| WHAT NEEDS TO BE DONE |
Can you transcribe the data exactly? Leave the pictures out.

| SUPPLIED ENTRIES |
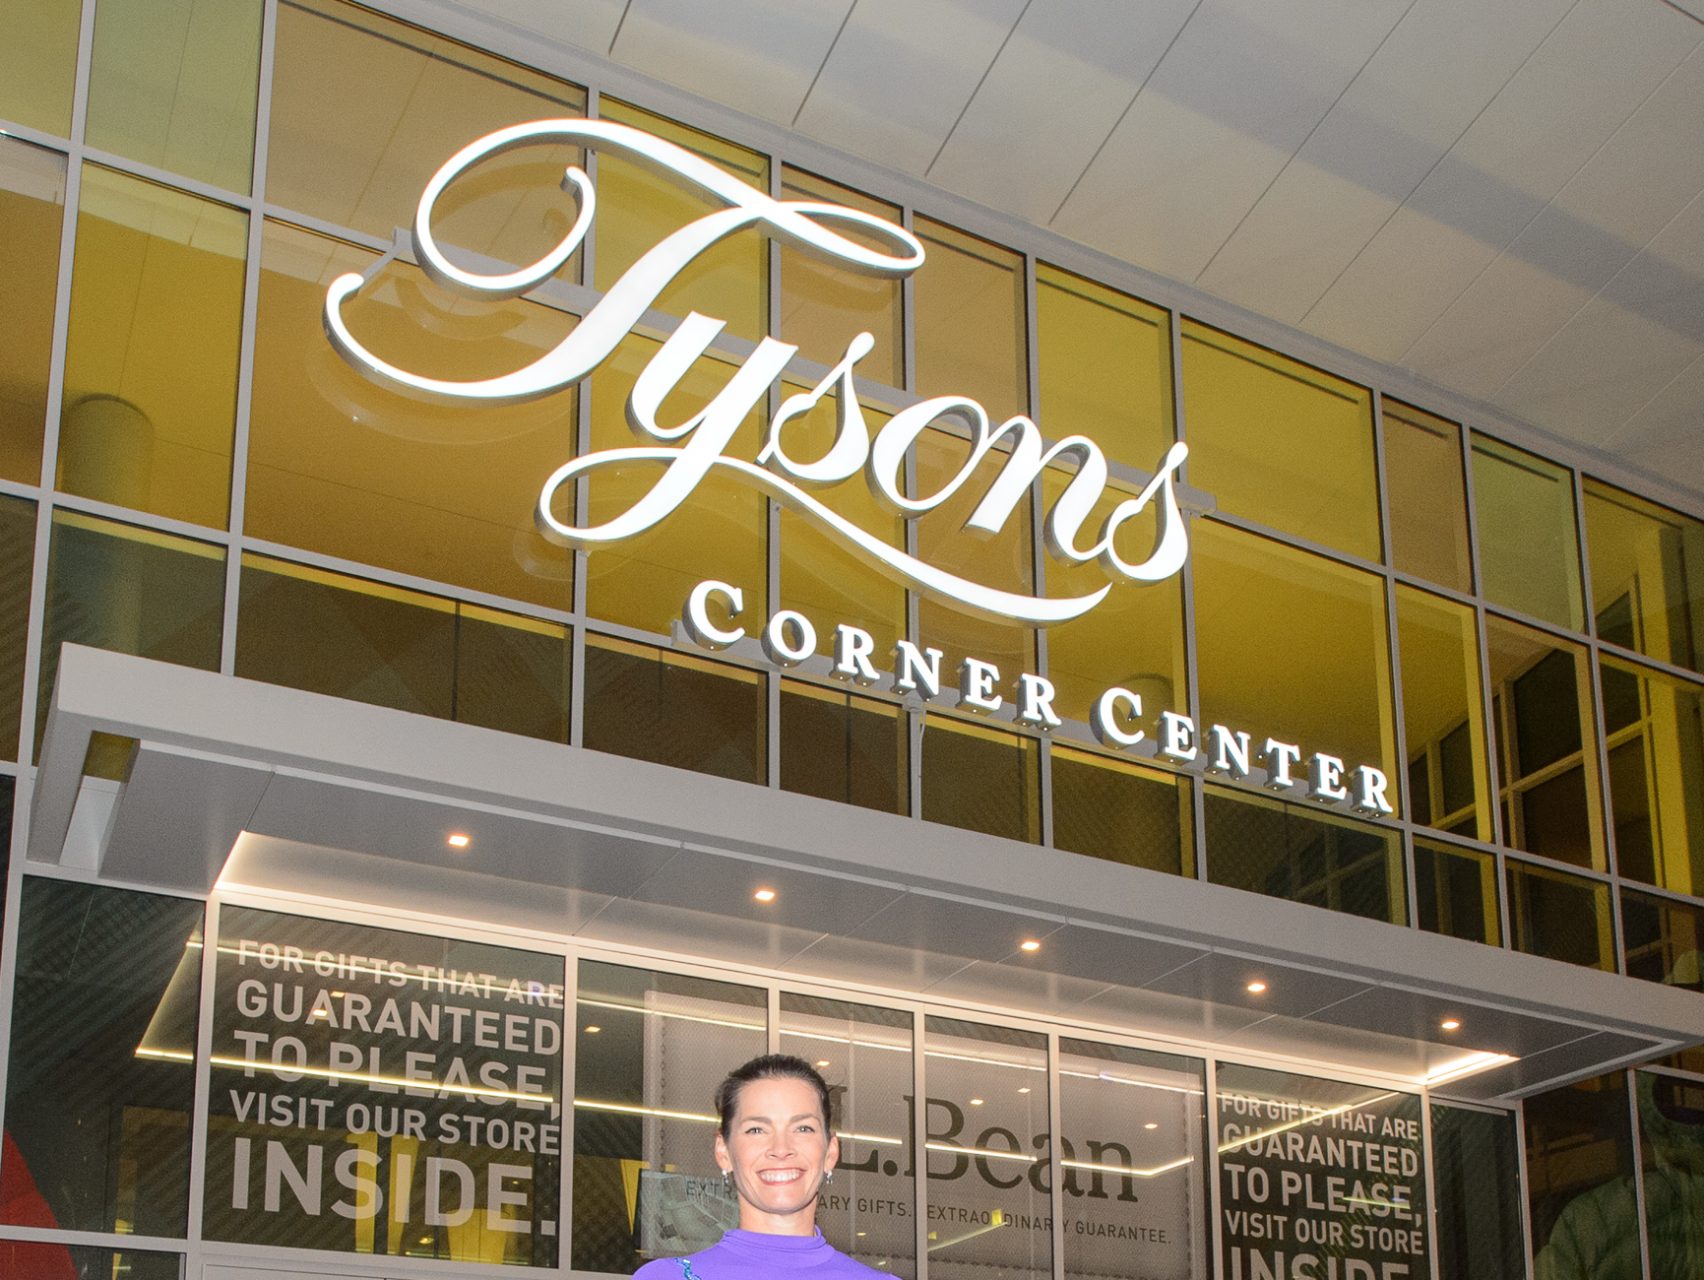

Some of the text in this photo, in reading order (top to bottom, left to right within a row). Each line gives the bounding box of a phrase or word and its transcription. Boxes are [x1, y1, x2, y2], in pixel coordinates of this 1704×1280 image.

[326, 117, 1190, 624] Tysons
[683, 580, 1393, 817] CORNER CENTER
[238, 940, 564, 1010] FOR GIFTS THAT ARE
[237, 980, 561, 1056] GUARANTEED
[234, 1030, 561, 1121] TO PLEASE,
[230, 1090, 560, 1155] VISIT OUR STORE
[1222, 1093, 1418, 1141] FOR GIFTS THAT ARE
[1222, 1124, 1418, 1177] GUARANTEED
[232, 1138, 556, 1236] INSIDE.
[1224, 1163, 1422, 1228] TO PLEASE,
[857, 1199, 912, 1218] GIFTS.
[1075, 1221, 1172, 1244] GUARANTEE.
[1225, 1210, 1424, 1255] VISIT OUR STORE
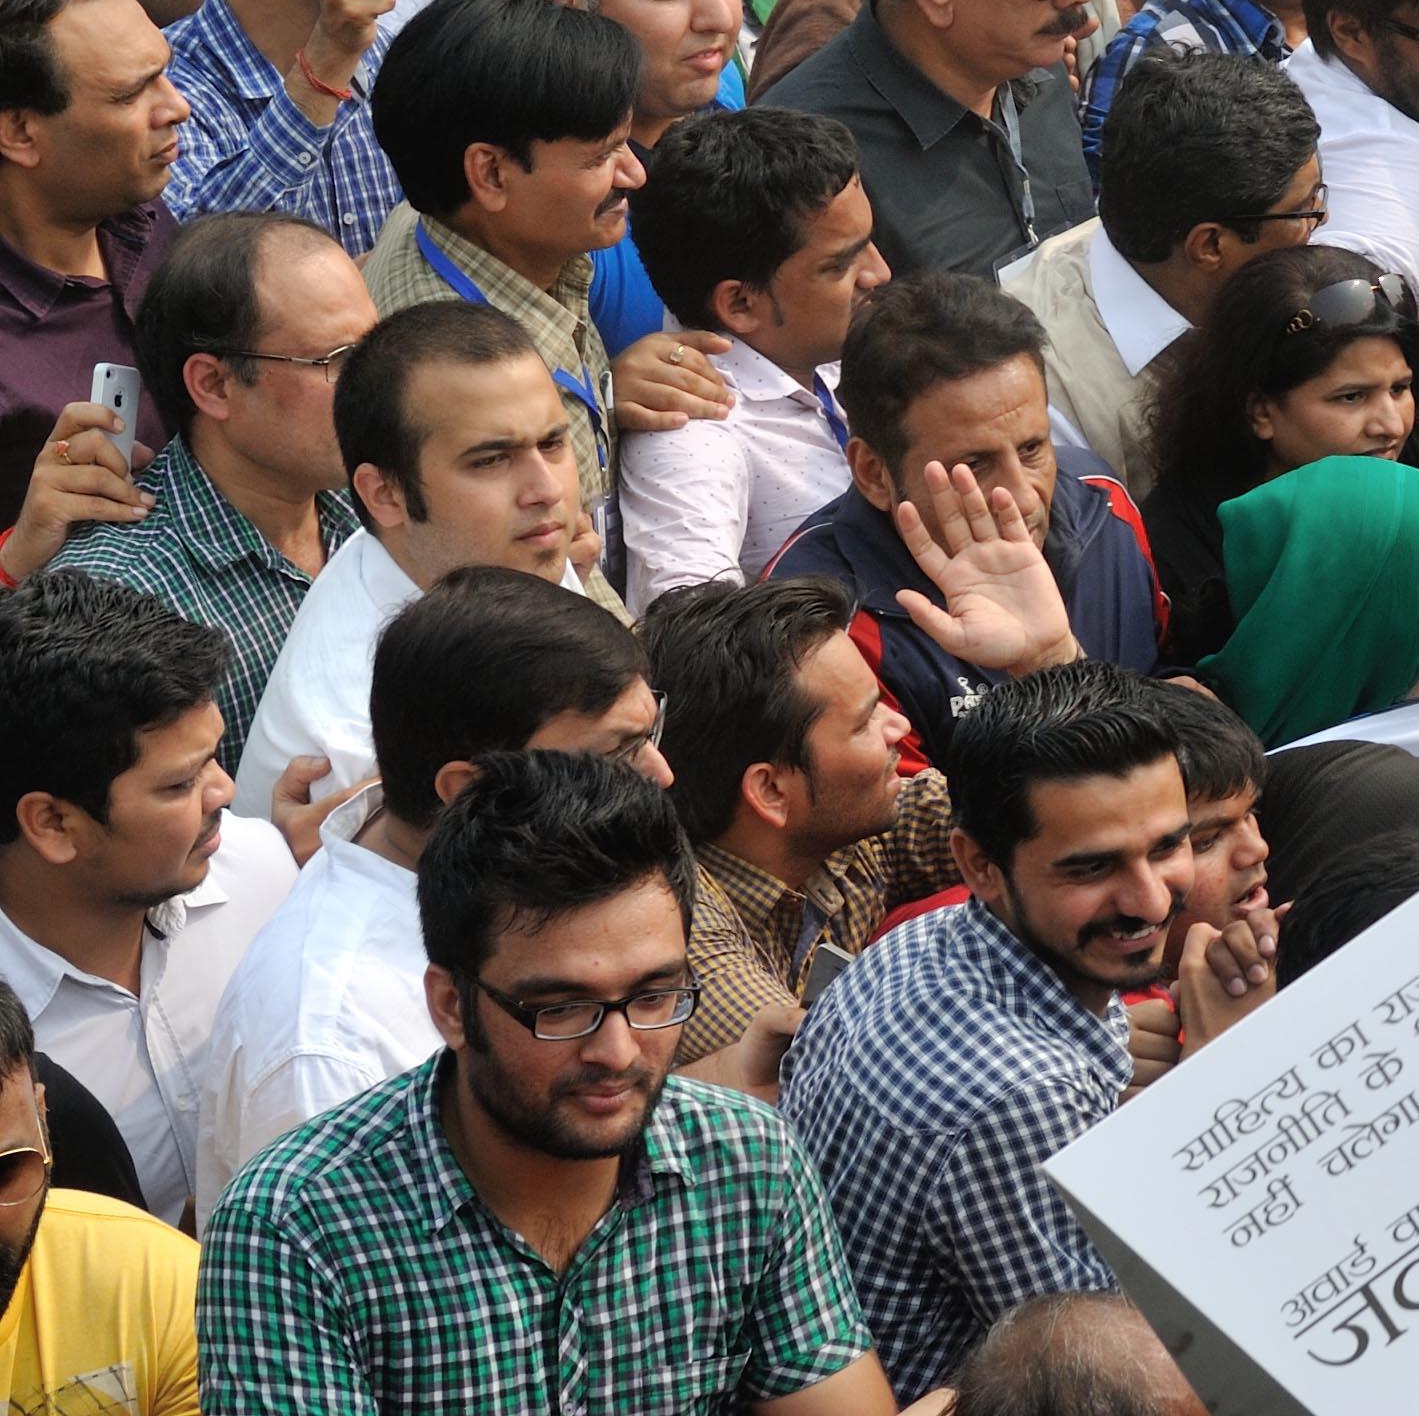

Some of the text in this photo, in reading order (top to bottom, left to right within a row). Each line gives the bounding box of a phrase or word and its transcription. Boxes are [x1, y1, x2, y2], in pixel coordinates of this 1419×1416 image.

| RESPONSE FOR THIS EXERCISE |
Some of the text in this photo, in reading order (top to bottom, left to right within a row). Each line gives the bounding box of a phrase or word and its transcription. Boxes are [x1, y1, x2, y2], in pixel coordinates of this 1704×1280 image.

[326, 117, 1190, 624] Tysons
[683, 580, 1393, 817] CORNER CENTER
[238, 940, 564, 1010] FOR GIFTS THAT ARE
[237, 980, 561, 1056] GUARANTEED
[234, 1030, 561, 1121] TO PLEASE,
[230, 1090, 560, 1155] VISIT OUR STORE
[1222, 1093, 1418, 1141] FOR GIFTS THAT ARE
[1222, 1124, 1418, 1177] GUARANTEED
[232, 1138, 556, 1236] INSIDE.
[1224, 1163, 1422, 1228] TO PLEASE,
[857, 1199, 912, 1218] GIFTS.
[1075, 1221, 1172, 1244] GUARANTEE.
[1225, 1210, 1424, 1255] VISIT OUR STORE

Some of the text in this photo, in reading order (top to bottom, left to right within a row). Each line gives the bounding box of a phrase or word and its transcription. Boxes are [x1, y1, x2, y2], in pixel coordinates of this 1419×1416 image.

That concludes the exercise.